It’s a false claim to say that these bills ‘censor’ particular views. That is the lie.

They seek to prevent certain views being taught as fact that can’t be debated.

I.e. the bills do the opposite of what you assert.


Name a single one


Did you want to make sure it's the same one, that your preferred media outlets are talking about?

It's more than one. https://duckduckgo.com/?q=legislature+bill+crt&t=h_&ia=web


? Banning the teaching of critical race theory in schools is not the same thing as banning any discussion of the Tulsa race massacre.


I didn't claim it bans "any discussion." I claimed it bans "honest and uncensored discussion."



This doesn't ban discussion of the sort we're having here.


Controlling how classroom time is managed is not suppression of speech. The teacher can't spend the whole day preaching the gospel, either, and that doesn't amount to suppression of religion.

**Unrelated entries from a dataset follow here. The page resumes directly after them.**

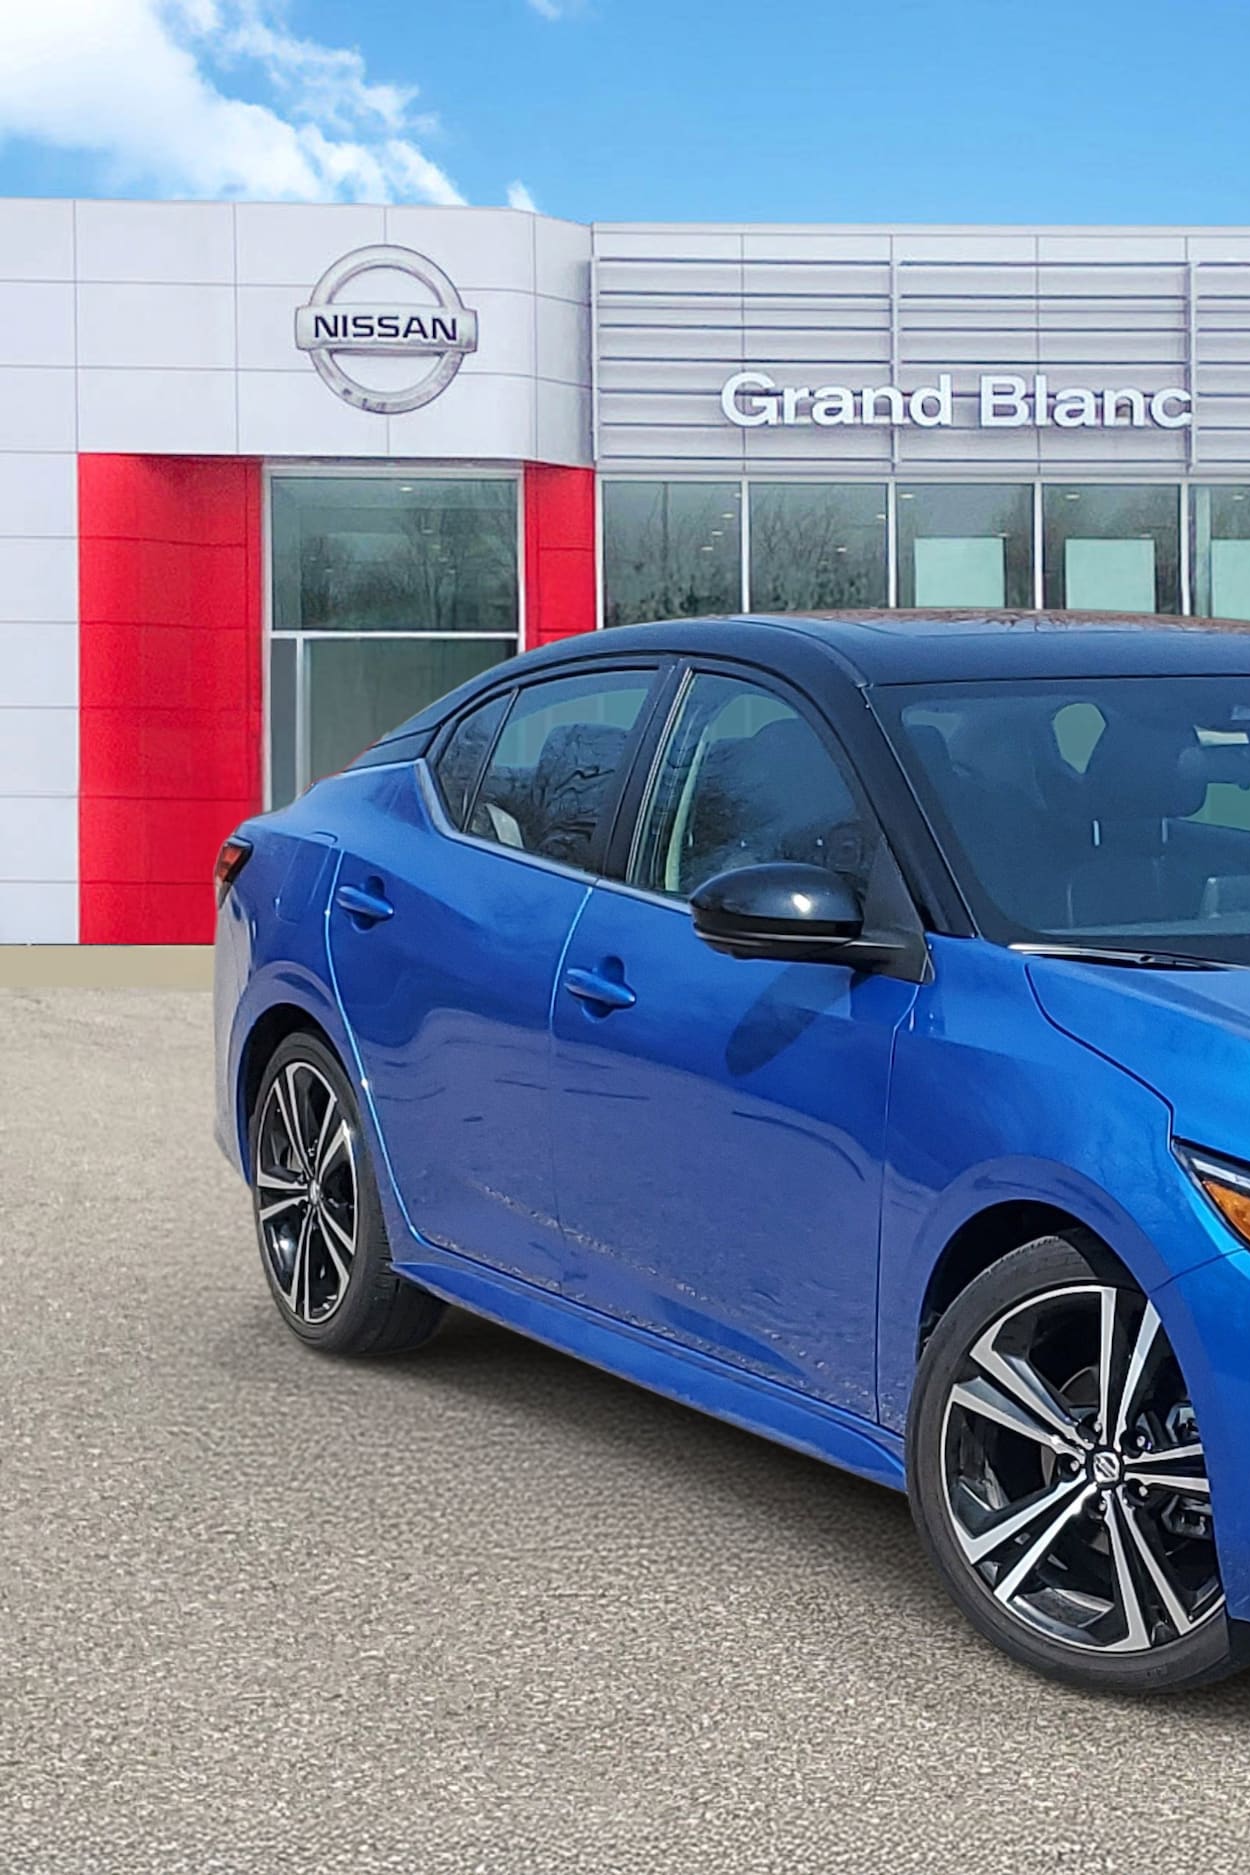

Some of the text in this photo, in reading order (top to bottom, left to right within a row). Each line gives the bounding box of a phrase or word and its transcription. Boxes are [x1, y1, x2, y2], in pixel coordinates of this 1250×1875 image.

[313, 314, 458, 342] NISSAN
[720, 371, 1193, 428] Grand Blanc
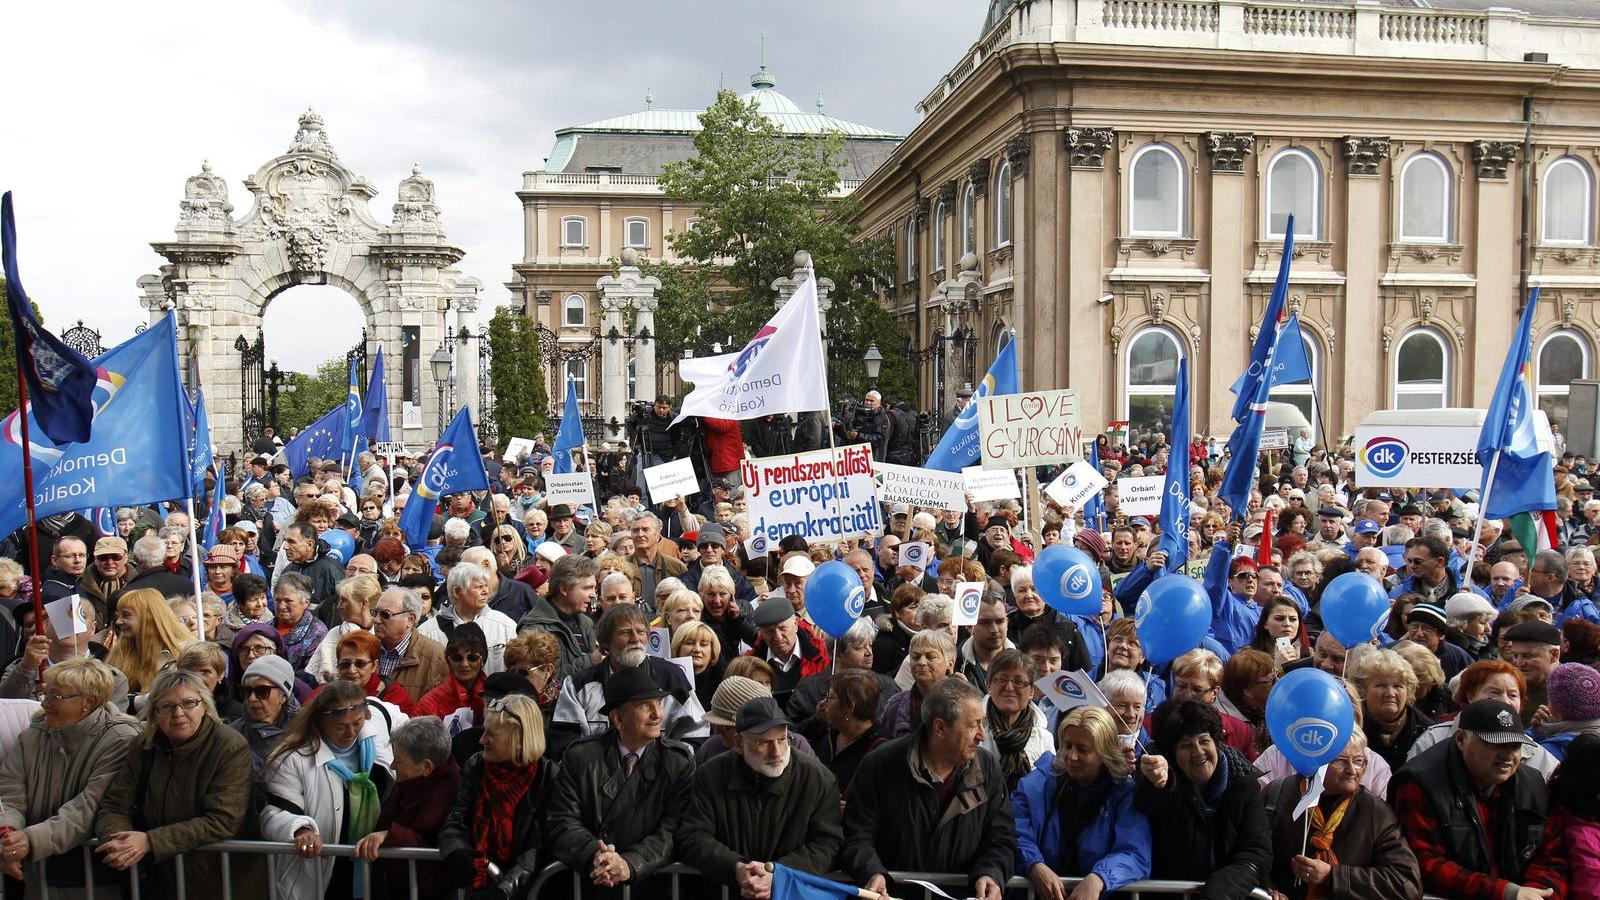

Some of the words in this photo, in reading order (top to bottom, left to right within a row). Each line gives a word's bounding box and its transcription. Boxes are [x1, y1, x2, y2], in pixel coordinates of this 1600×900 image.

[989, 399, 994, 424] I
[377, 442, 404, 454] HATVAN
[986, 423, 1082, 459] GYURCSÁNY
[1373, 448, 1396, 464] dk
[431, 462, 448, 487] dk
[742, 460, 760, 497] Új
[764, 446, 875, 485] rendszerváltást,
[769, 477, 850, 510] európai
[1069, 482, 1095, 504] Kispest
[1130, 484, 1156, 493] Orbán!
[883, 494, 949, 509] BALASSAGYARMAT
[909, 548, 919, 557] dk
[1070, 574, 1086, 591] dk
[965, 596, 977, 608] dk
[1300, 730, 1324, 746] dk
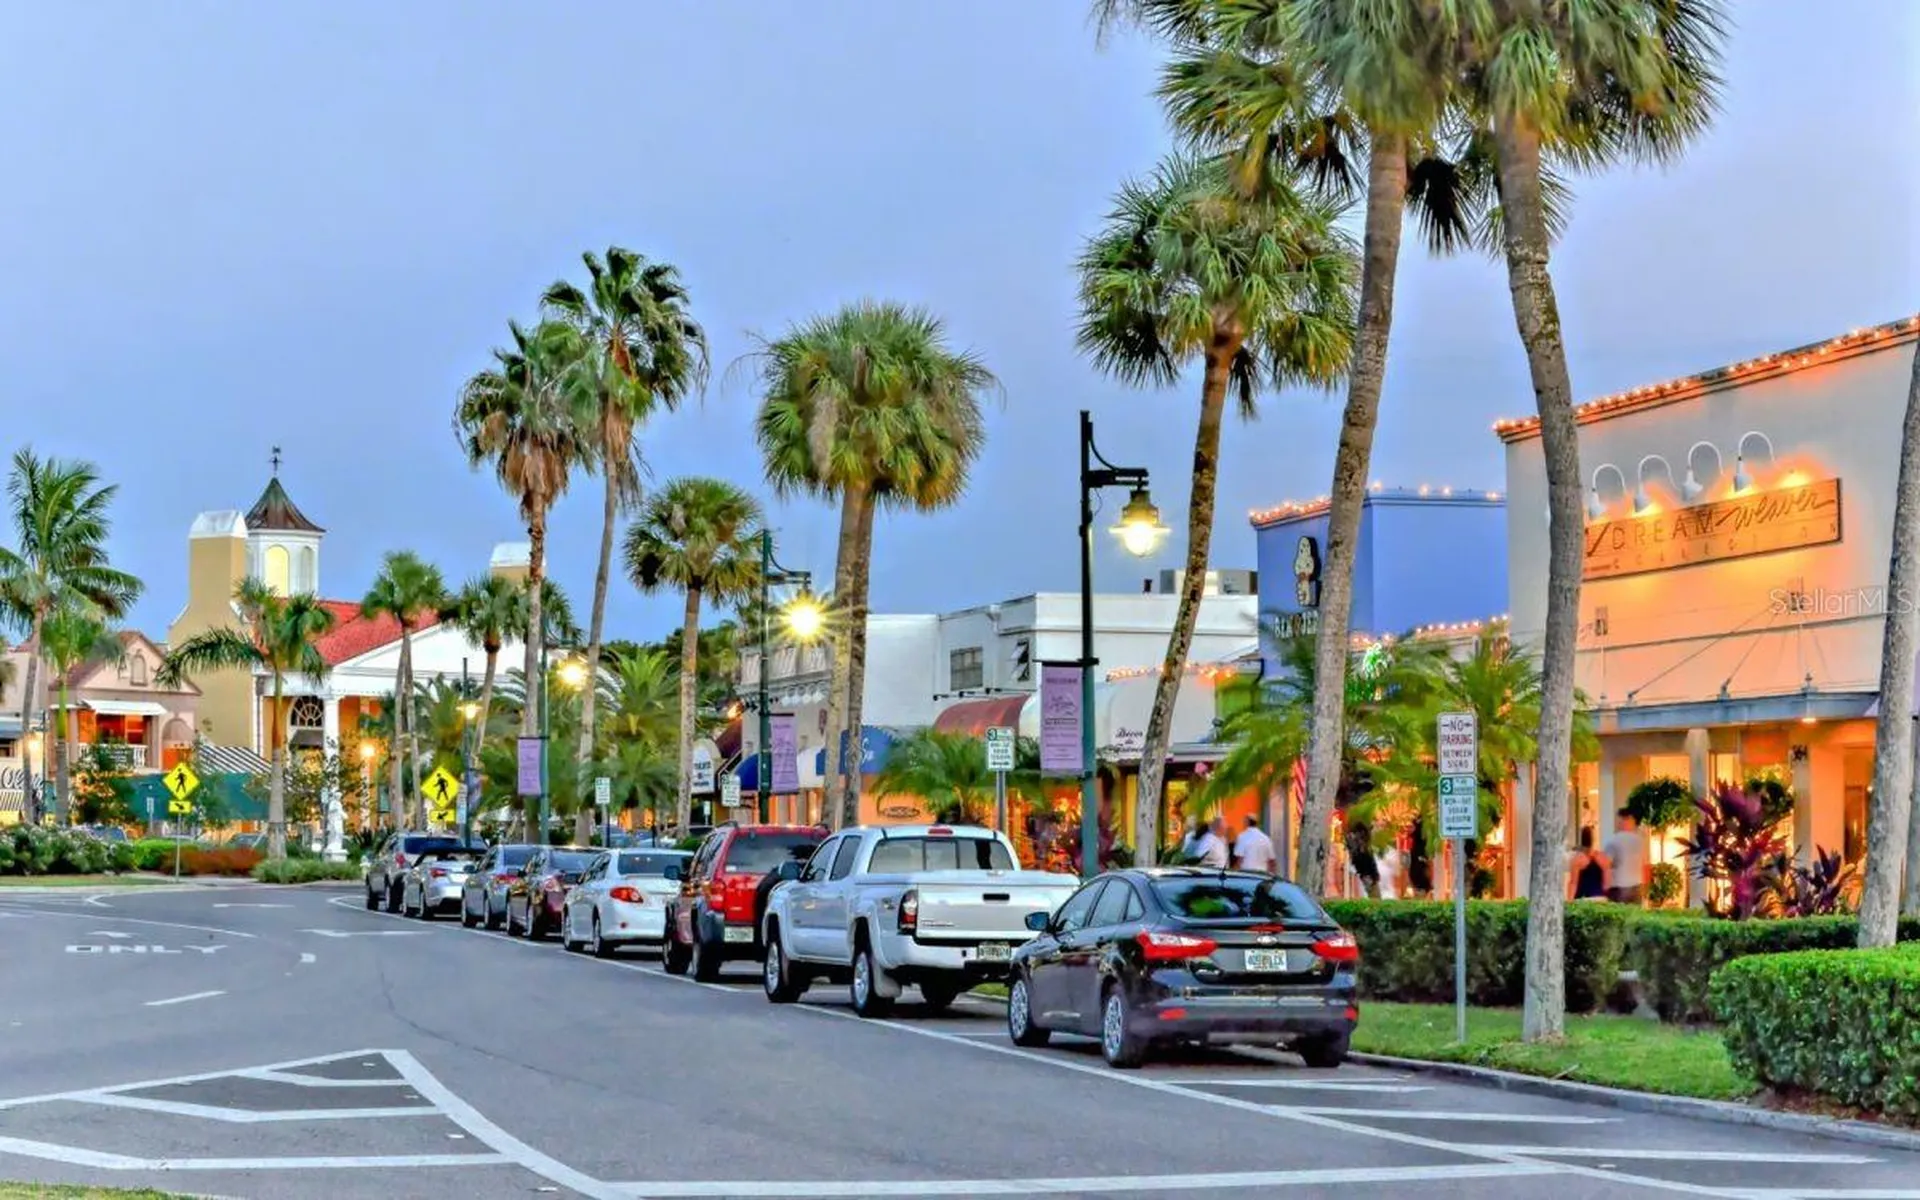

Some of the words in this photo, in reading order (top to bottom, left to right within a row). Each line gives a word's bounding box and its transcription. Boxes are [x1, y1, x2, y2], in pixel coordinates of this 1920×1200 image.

[1611, 508, 1716, 550] DREAM
[1450, 719, 1464, 731] NO
[1442, 779, 1452, 793] 3
[65, 945, 228, 954] ONLY

It may not be the best example of the U.S. remembering its failures, but it's nowhere close to what China does to force people to forget.


"The time I spend in the US I had the feeling that you have more of a pseudo freedom than actual freedom. "

Having grown up in Germany and now living in the US I think in the US you can have more freedom if you are willing to live outside the boundaries of the life the average citizen has. If you are willing to live off the grid you can be pretty free. Some people think freedom also means the right to not have health insurance.

But if you live the life of the average citizen with a regular job I feel the US citizen is less free. You constantly have to worry about the cost of health care and education. I also feel people are less willing to voice their opinion in order to not offend others. You have way less rights as an employee. Police is less predictable and may do weird stuff. I also feel less free when I get into a confrontation with somebody and have to worry about getting shot.


Interesting perspective, though I'd like some detail around the 'worry about getting shot' comment.

I'm in my 50s and have lived in the US all but 2 of my years, and have never been concerned about getting shot (in the US or abroad.) In what kind of situations have you found yourself that you've actively had this worry?


I had a situation where almost every morning a guy with big work truck would pass us extremely closely at full speed while we were walking our dog. The road didn’t have sidewalks so usually cars would slow down or change sides but this guy didn’t. We tried to wave to him to slow down which only resulted in him swerving towards us so we had to jump off the road. One day I stood in the middle of the road and made him stop. I explained the situation to him and he was extremely aggressive and threatened to beat me up. I told him he can try but should think about the consequences first. After a while he backed off. I called his employer and never saw him again.

When i told this story to some people they told me that I would have had a real problem if he had had a gun. That’s probably true.

In Germany you usually can assume that even bad guys don’t have a gun but in the US you have to assume that every idiot has a gun. This brings confrontations quickly to a dangerous level.


You can talk about the Tulsa race massacre. You can make TV shows depicting it. Forces may have conspired to keep it from the forefront of the American consciousness, but nobody was going around burning the books or throwing people in jail for bringing it up.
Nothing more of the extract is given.